CoderSchool's primary company value is Students First. As student success executive your job is to ensure CoderSchool's students are happy and our classes are effective.
Founded in 2015 by Silicon Valley engineers, CoderSchool prides itself on being the most effective coding school in Ho Chi Minh City.
We focus on intensive, full-time bootcamps and guarantee that students will find software jobs after they graduate. We use modern curriculum inspired by Silicon Valley, and a friendly, hands-
on approach that focuses on building real-world applications. Our company values are Students First, Always Be Learning, and WeMe (put we before me).
We're looking for ambitious people who want to transform tech education and have a good time doing it.
Measure attendance / homework submission / student performance / teacher performance weekly.
Prepare reports and insights on how we can always continue to be improving the student experience.
Support students on any-class related issues.
Facilitate CoderSchool’s academic events such as Demo Days, workshops and seminars.
Constantly think of ways we can make students happy and productive before, after, and during their time with CoderSchool
Analytical Skills : you need to be able to not only collect student feedback, but analyze and understand it to propose next steps.

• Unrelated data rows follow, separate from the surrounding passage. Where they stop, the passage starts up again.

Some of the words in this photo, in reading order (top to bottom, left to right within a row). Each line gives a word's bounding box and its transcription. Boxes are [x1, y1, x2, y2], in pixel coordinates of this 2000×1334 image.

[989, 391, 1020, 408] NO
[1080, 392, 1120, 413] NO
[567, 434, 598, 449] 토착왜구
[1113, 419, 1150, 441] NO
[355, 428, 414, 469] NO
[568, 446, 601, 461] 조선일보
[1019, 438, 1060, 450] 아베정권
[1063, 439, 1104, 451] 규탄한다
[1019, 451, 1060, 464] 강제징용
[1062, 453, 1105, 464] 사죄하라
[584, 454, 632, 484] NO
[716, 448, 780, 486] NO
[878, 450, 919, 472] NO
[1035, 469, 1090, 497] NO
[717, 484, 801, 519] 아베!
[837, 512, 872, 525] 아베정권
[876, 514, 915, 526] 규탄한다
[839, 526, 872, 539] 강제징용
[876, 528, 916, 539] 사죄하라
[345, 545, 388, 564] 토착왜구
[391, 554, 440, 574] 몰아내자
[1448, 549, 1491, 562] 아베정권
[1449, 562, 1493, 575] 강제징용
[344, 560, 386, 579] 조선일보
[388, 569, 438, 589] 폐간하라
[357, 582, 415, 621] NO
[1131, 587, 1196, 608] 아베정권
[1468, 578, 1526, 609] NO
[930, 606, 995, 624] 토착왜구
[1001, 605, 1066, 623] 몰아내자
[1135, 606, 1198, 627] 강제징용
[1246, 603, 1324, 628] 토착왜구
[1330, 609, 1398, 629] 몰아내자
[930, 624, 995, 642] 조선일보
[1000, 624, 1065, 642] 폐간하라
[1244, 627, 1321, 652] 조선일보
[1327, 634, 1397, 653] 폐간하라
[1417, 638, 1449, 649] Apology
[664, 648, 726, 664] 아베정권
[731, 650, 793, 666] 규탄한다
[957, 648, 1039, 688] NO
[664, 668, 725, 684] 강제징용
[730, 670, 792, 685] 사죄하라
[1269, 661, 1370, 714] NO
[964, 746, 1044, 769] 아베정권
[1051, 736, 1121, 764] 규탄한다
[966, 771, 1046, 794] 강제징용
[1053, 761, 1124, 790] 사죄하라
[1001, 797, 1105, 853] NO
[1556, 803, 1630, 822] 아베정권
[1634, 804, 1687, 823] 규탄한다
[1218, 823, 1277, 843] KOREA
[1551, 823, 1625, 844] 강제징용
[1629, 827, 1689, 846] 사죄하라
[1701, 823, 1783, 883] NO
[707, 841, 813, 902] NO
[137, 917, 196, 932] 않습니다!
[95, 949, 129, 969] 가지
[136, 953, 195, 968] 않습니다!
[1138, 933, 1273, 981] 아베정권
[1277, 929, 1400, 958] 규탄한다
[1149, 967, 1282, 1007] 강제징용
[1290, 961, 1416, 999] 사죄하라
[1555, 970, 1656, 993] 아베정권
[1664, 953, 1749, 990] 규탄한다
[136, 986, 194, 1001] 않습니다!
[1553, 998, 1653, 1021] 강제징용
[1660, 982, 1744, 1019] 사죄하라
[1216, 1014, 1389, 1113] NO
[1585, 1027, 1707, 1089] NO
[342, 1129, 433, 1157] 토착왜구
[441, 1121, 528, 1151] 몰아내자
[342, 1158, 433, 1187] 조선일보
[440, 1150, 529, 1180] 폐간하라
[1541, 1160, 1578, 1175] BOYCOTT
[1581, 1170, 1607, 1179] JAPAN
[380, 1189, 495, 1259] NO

Communication Skills : you'll be spending a lot of time talking with students and teachers.
Problem Solving Skills : you're going to use the two skills above to propose solutions on how to improve our classes and make our students happier and more successful!

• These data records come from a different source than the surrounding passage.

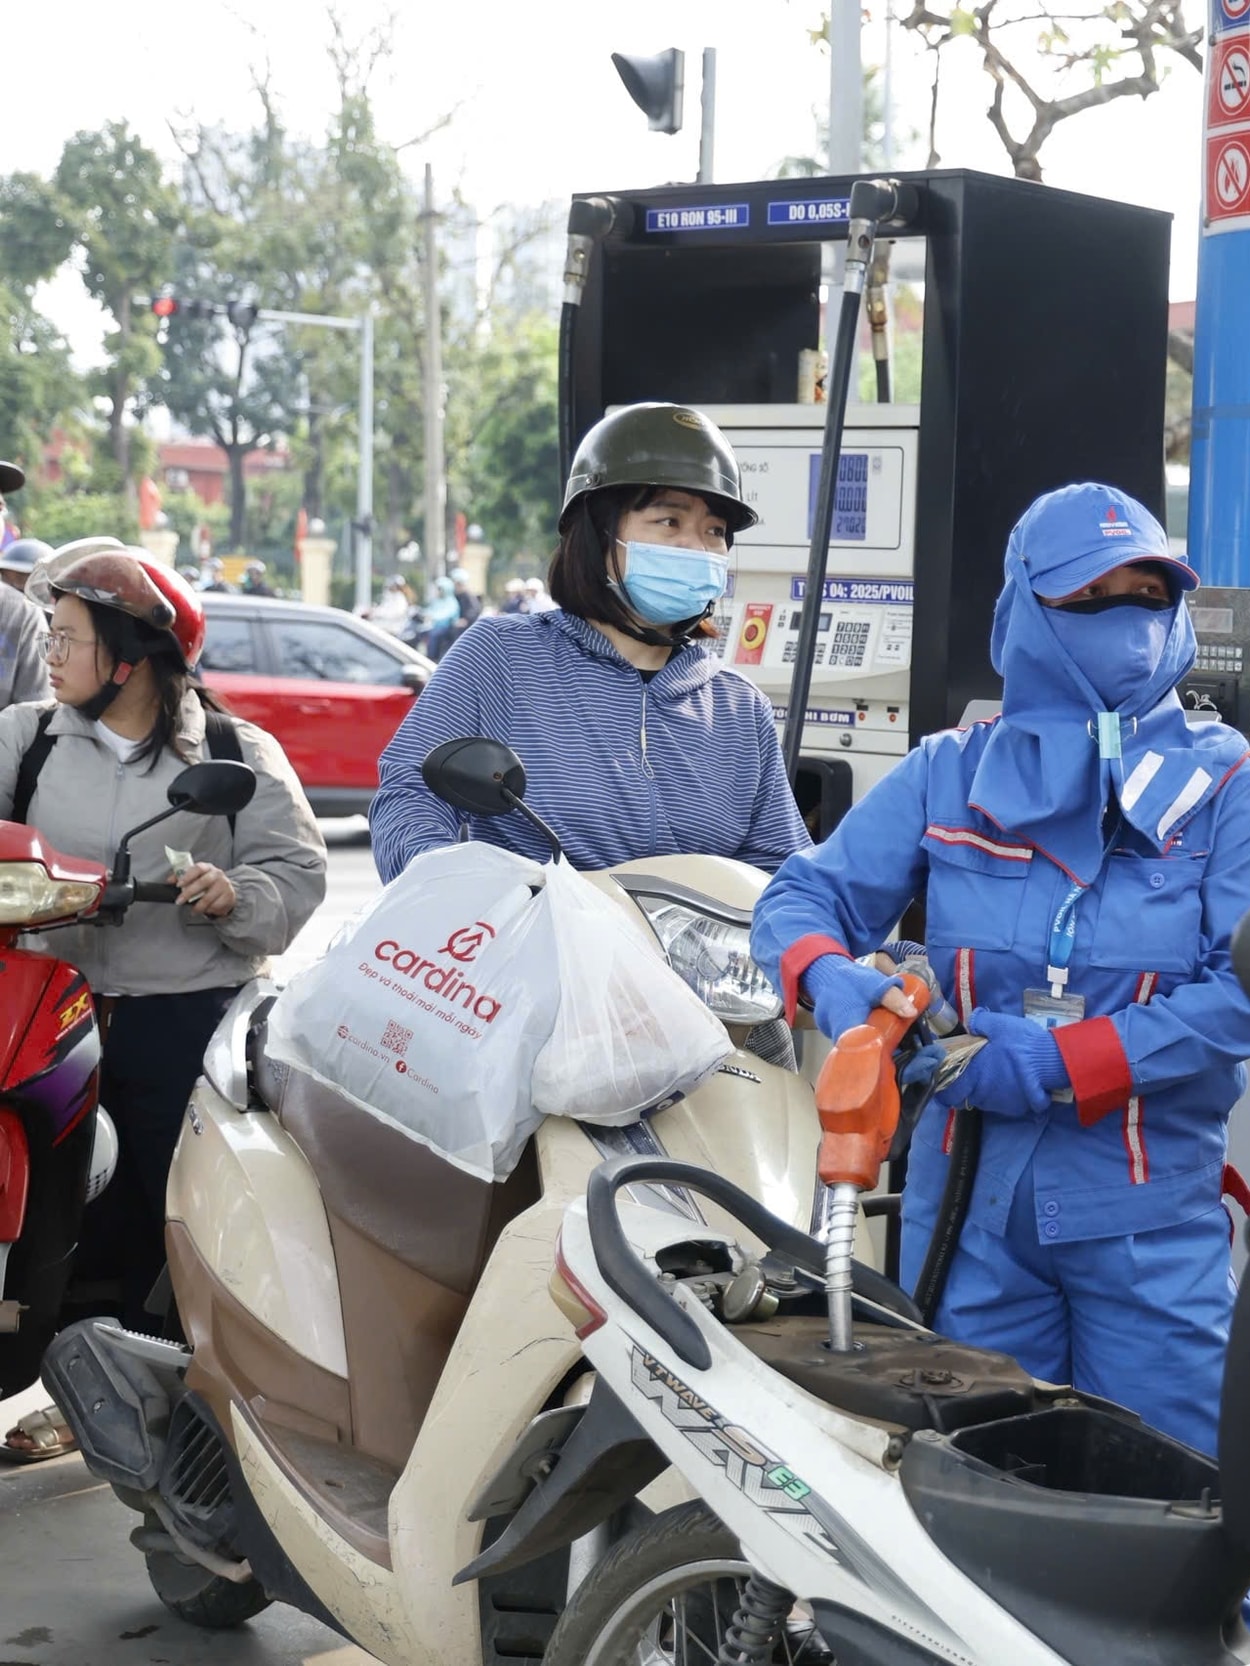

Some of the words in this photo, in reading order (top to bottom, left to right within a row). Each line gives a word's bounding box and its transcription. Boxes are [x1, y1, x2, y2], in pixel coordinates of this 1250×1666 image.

[657, 213, 678, 227] E10
[680, 211, 704, 226] RON
[707, 208, 737, 225] 95-III
[789, 205, 806, 220] DO
[830, 583, 848, 598] 04:
[374, 940, 502, 1024] cardina
[348, 1034, 390, 1063] cardina.vn
[406, 1068, 439, 1094] Cardina

English : if you're read this far you probably have a good command of English. Many of our students, industry partners, and yes, our founder, are native English speakers, so being able to communicate well with them is a must.

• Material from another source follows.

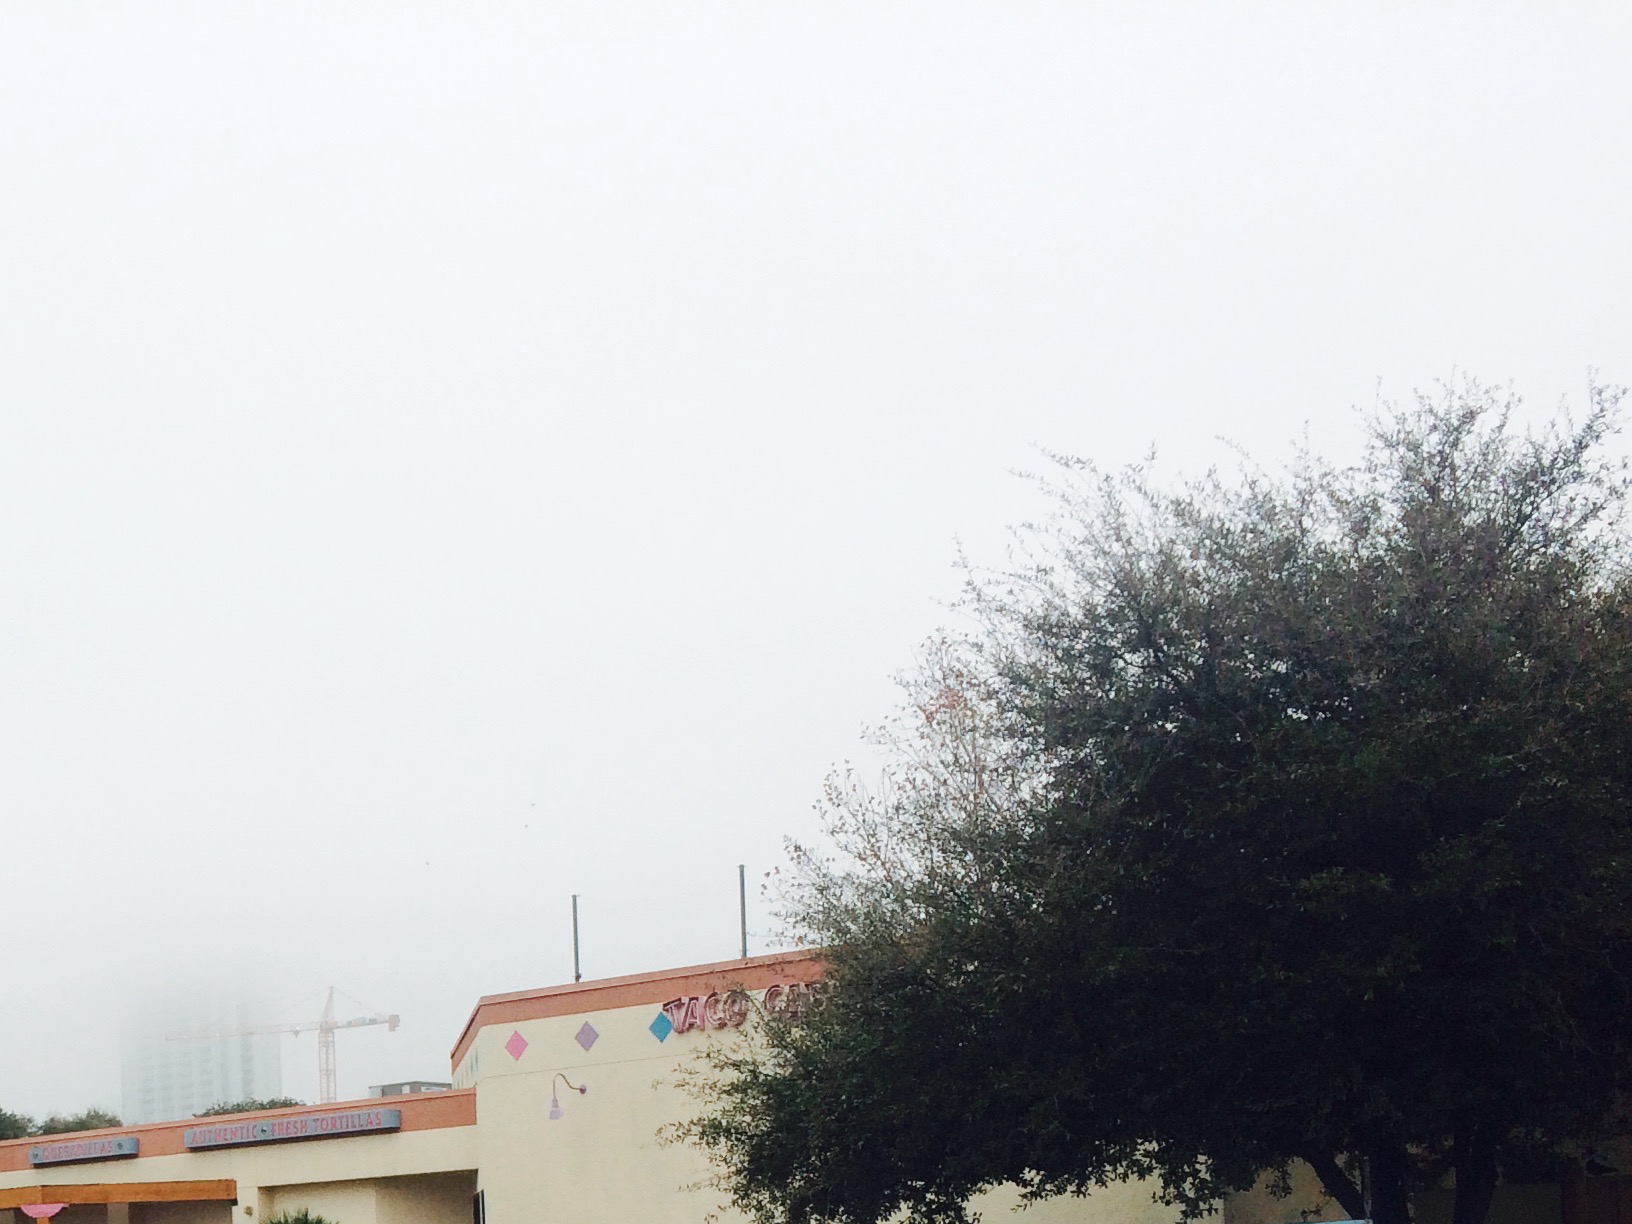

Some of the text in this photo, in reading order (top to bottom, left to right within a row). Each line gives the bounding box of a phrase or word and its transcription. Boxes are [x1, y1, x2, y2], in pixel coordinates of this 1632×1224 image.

You don't need perfect English, just good enough to communicate naturally and effectively.
Questions We'll Ask in the Interview
No secrets here, here's what we'll ask you.
A student has been consistently 30 minutes late to class two days in a row. How would you speak to this student?
There is one student who thinks the teacher of a class speaks too fast, and is hard to understand. How would you speak to this student?
Talk about a great educational experience from your life? What made it so great?
Talk about a disappointing educational experience. How could it have been improved?
Talk about one time when you fell short of achieving a goal. What did you learn?
What is Python? What can you use it for?